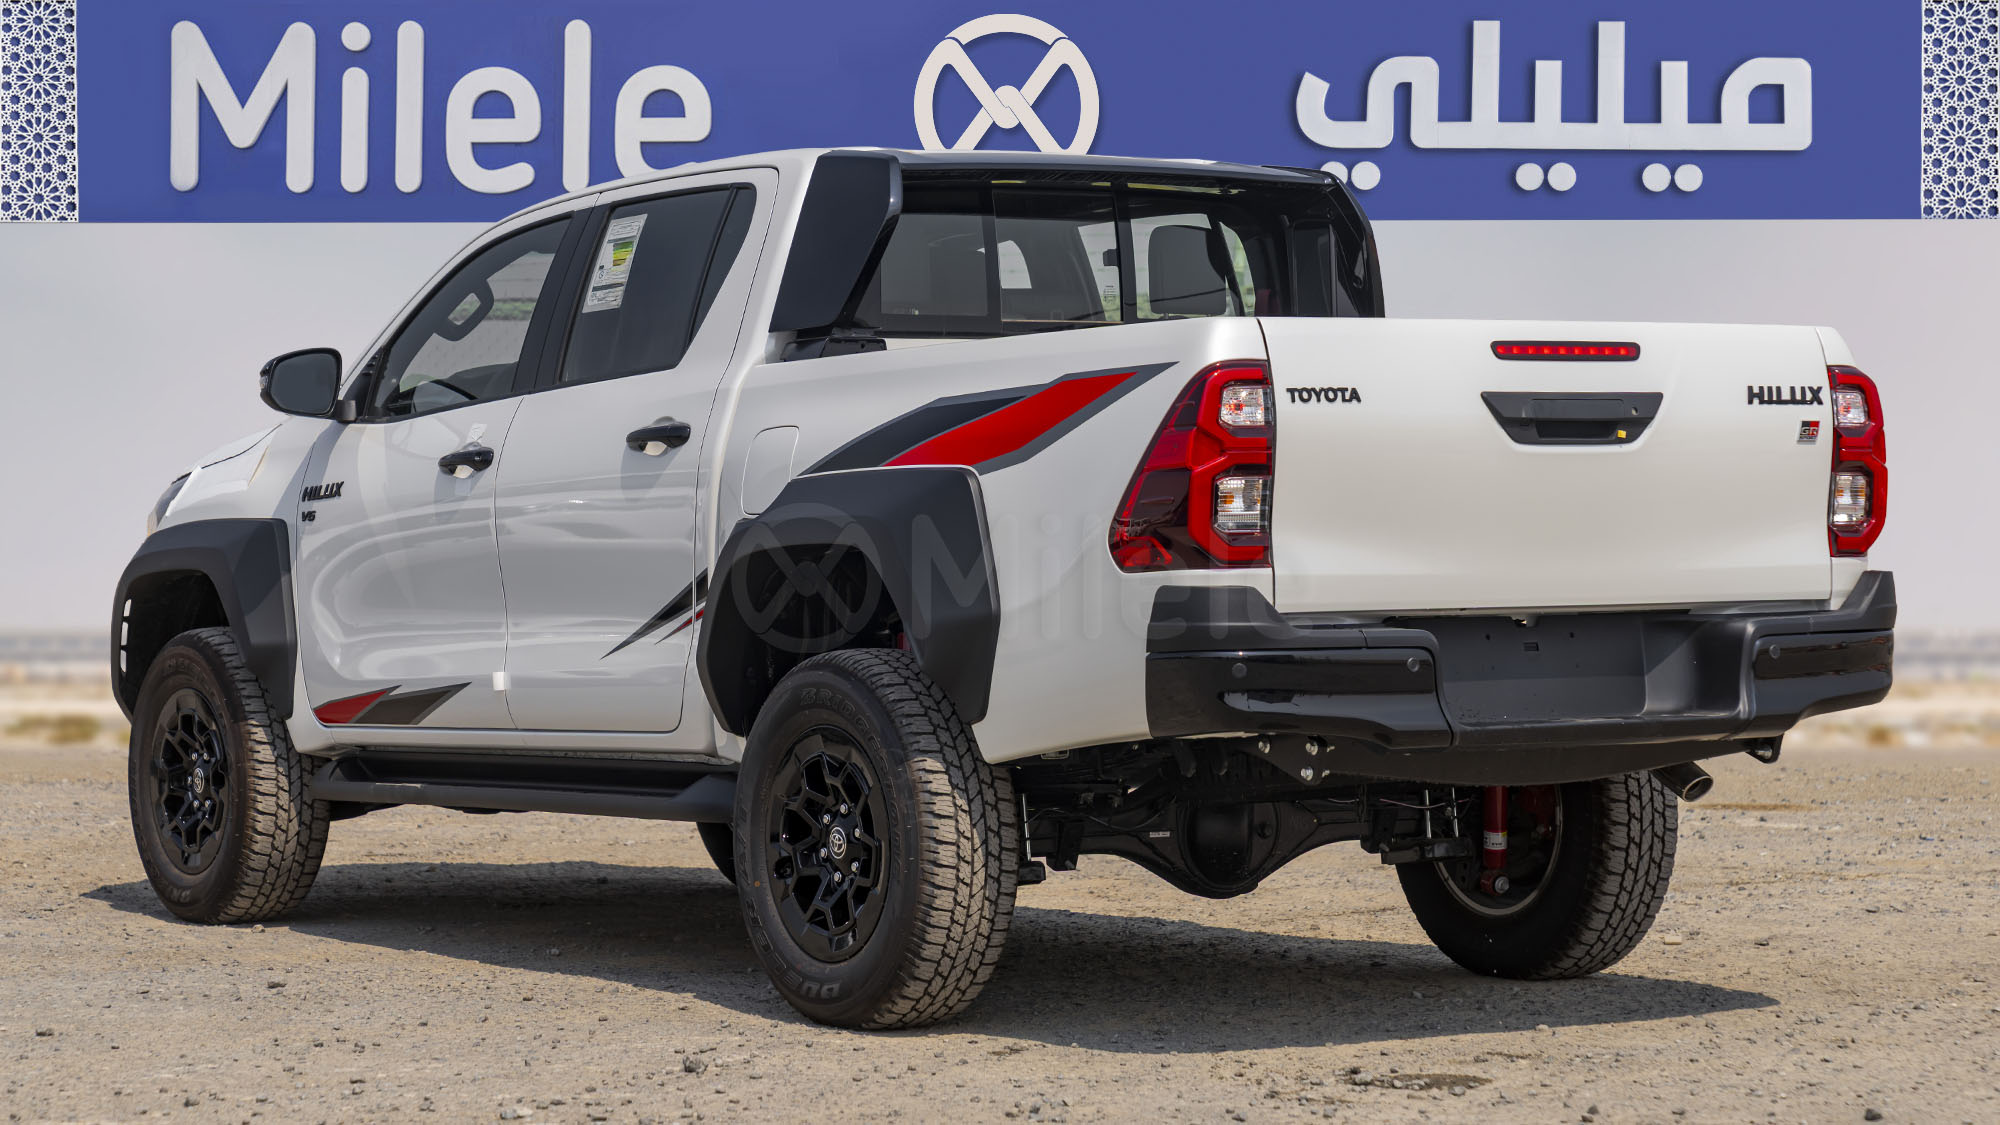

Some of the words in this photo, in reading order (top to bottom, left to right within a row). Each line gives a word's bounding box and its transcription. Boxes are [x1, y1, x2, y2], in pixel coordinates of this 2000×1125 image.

[170, 19, 712, 194] Milele
[1296, 20, 1812, 192] ميليلي
[1286, 387, 1362, 403] TOYOTA
[1747, 385, 1824, 405] HILUX
[302, 481, 344, 502] HILUX
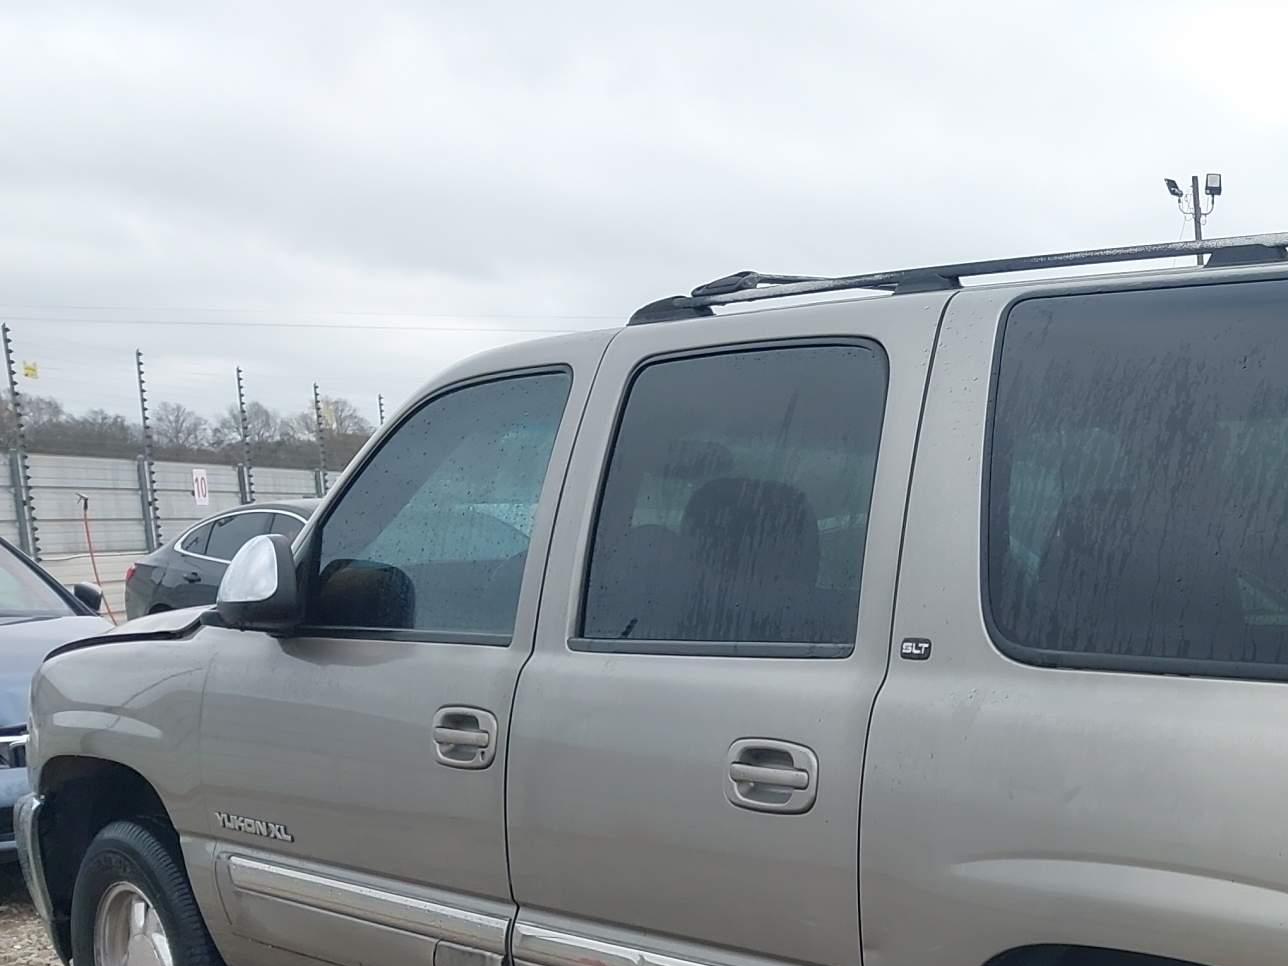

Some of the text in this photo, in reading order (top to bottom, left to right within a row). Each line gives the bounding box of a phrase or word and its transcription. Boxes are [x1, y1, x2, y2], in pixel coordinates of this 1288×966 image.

> [What the task requires]
Without any of its images, the data above should be returned exactly.

> [Output for this exercise]
Some of the words in this photo, in reading order (top to bottom, left to right within a row). Each line gives a word's bounding box and its transcription. Boxes are [x1, y1, x2, y2], in pixel coordinates of this 2000×1125 image.

[170, 19, 712, 194] Milele
[1296, 20, 1812, 192] ميليلي
[1286, 387, 1362, 403] TOYOTA
[1747, 385, 1824, 405] HILUX
[302, 481, 344, 502] HILUX

Some of the text in this photo, in reading order (top to bottom, left to right within a row). Each line gives the bounding box of a phrase or word and its transcription. Boxes are [x1, y1, x2, y2], in pixel coordinates of this 1288×966 image.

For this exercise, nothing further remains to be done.